[Collected data]
-*-*-
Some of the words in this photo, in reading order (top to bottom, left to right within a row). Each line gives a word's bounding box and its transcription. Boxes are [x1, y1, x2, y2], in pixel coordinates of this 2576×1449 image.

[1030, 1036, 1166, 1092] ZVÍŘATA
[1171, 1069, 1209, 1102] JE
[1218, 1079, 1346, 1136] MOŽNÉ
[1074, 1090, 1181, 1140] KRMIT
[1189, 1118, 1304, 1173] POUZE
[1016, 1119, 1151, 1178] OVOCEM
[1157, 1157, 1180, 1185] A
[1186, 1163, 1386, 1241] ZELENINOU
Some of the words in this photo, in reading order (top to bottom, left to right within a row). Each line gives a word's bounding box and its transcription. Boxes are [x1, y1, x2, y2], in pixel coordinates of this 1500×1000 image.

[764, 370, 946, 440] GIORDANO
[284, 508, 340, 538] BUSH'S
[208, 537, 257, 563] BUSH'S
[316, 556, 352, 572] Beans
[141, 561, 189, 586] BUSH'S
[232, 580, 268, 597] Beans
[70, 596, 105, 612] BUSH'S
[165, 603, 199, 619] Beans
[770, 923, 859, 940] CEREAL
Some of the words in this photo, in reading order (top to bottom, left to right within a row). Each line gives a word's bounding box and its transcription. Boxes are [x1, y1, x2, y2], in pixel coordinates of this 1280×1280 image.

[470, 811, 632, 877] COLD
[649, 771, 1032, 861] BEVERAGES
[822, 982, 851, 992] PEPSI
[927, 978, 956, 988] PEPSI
-*-*-
Could you write out, exactly, each line of the data above from the one containing "this 1280×1280 image." through the last, including both?

Some of the words in this photo, in reading order (top to bottom, left to right within a row). Each line gives a word's bounding box and its transcription. Boxes are [x1, y1, x2, y2], in pixel coordinates of this 1280×1280 image.

[470, 811, 632, 877] COLD
[649, 771, 1032, 861] BEVERAGES
[822, 982, 851, 992] PEPSI
[927, 978, 956, 988] PEPSI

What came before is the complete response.